Please stop trusting #zeroGpt or other #GPT detectors. The thing with #AI generated text is that it's text and text is just text. There are very limited ways to express anything in text. what you write and what an AI writes use the same language, grammar and letters. AI doesn't leave any metadata or something in the text that these detectors can spot.
The current models do have some sort of pattern that they tend to use in their generations, and these detectors more or less look for these patterns. But the thing is that these patterns are not special at all and literally anyone could unintentionally right like an AI without them knowing. Guess what these tools will say when they see their texts? Happily give a ridiculously high rating of this text being written by AI. That's it. These tools literally just take a guess, and their guess is as good as yours. In fact most the time your guess would be much more educated since you know that person and how likely that they will actually be using an AI or if that is their typical writing style.
People blindly trusting these detectors are affecting the lives of many people in false positives.

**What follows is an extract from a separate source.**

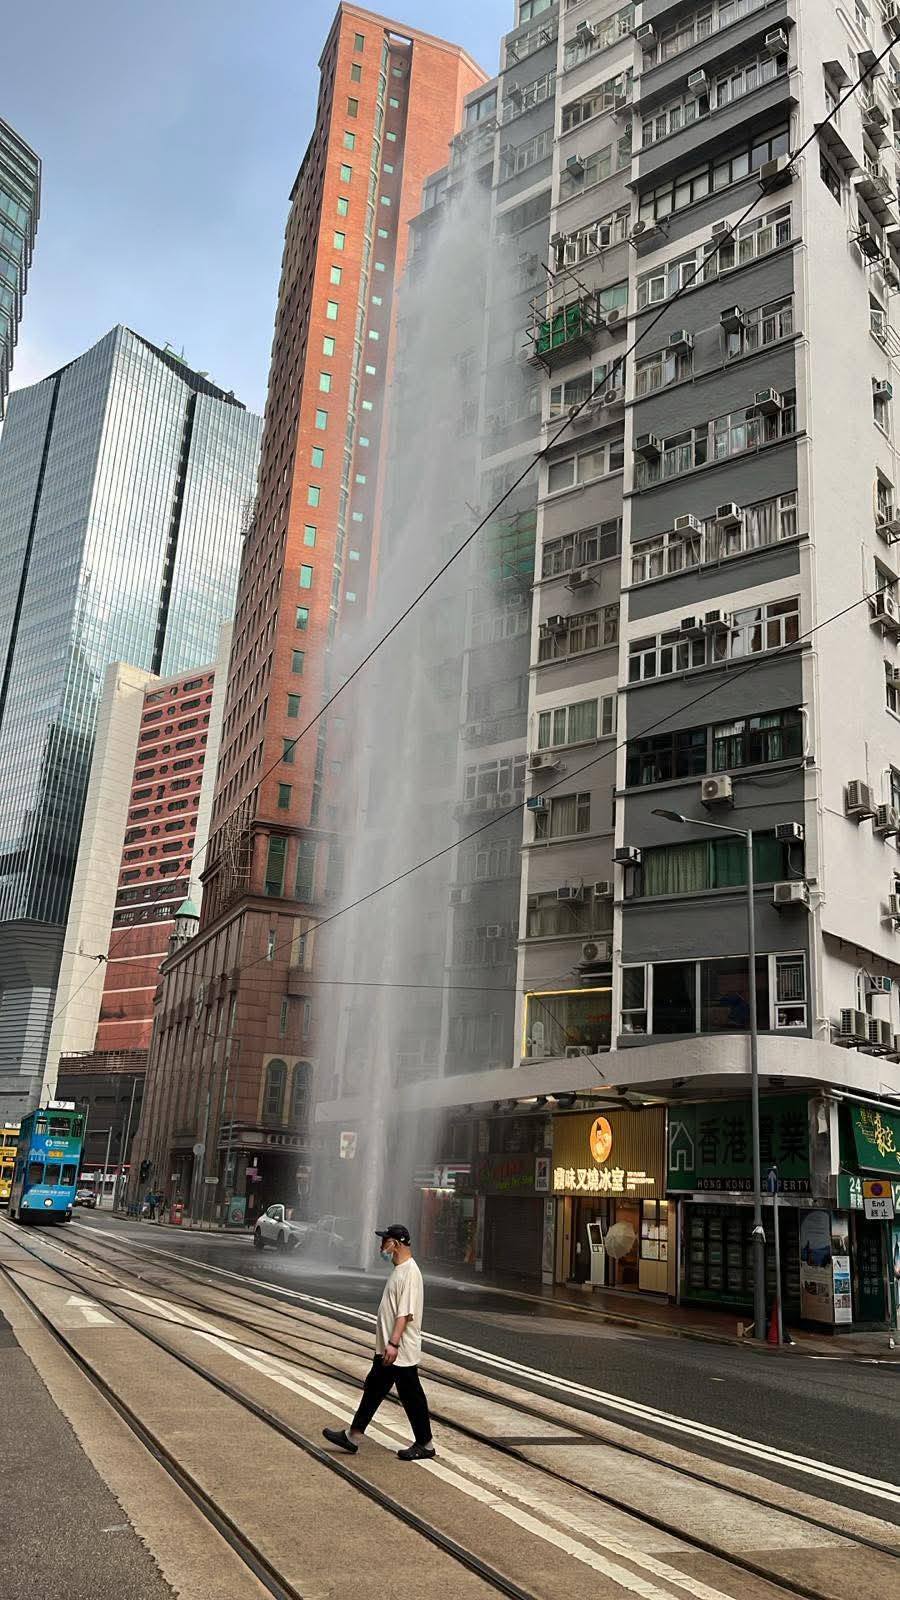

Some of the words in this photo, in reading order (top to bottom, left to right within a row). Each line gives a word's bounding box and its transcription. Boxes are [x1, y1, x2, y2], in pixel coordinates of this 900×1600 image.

Note: I hugely oversimplified how these detectors work, you could search on the internet for more information, but there sophistication doesn't make them more reliable. What I said above still holds true

Not to mention that even our current AI is smart enough to literally get around these detectors with clever enough prompts, while very real humans are being falsely flagged. Its captcha all over again...

@meatbag ya I've messed around with these AI detectors recently.. I've written text that it recognized as "AI generated" and I've gotten ChatGPT4 to write text with that the detectors concluded was "human generated"

It's quite scary that the automated tools to find this aren't good. No way to tell, especially as the technology improves.

Right now it's still possible to tell, especially with a conversation (ask what they think about Ukraine war or other controversial topic)

@meatbag It’s not just that. What these detectors tend to look for are perfect essays. The basic theory is that the more perfect it is, the less likely it is to have been written by a human, particularly since students aren’t always the best writers. AI often gets facts wrong, but its structures are usually dam near perfect.
@meatbag regardless of what kind of text it is, unless academic and even then, AI written text, especially if it's written by gpt models, is easily recognisable to me, even though I can't tell you exactly why because I don't know my self, but it has a certain way of writing I can detect with a high accuracy. I think that if I analyze better what makes me recognise apart AI, that insight could probably become an algorythm which is better than many of those, if only I could do that that is.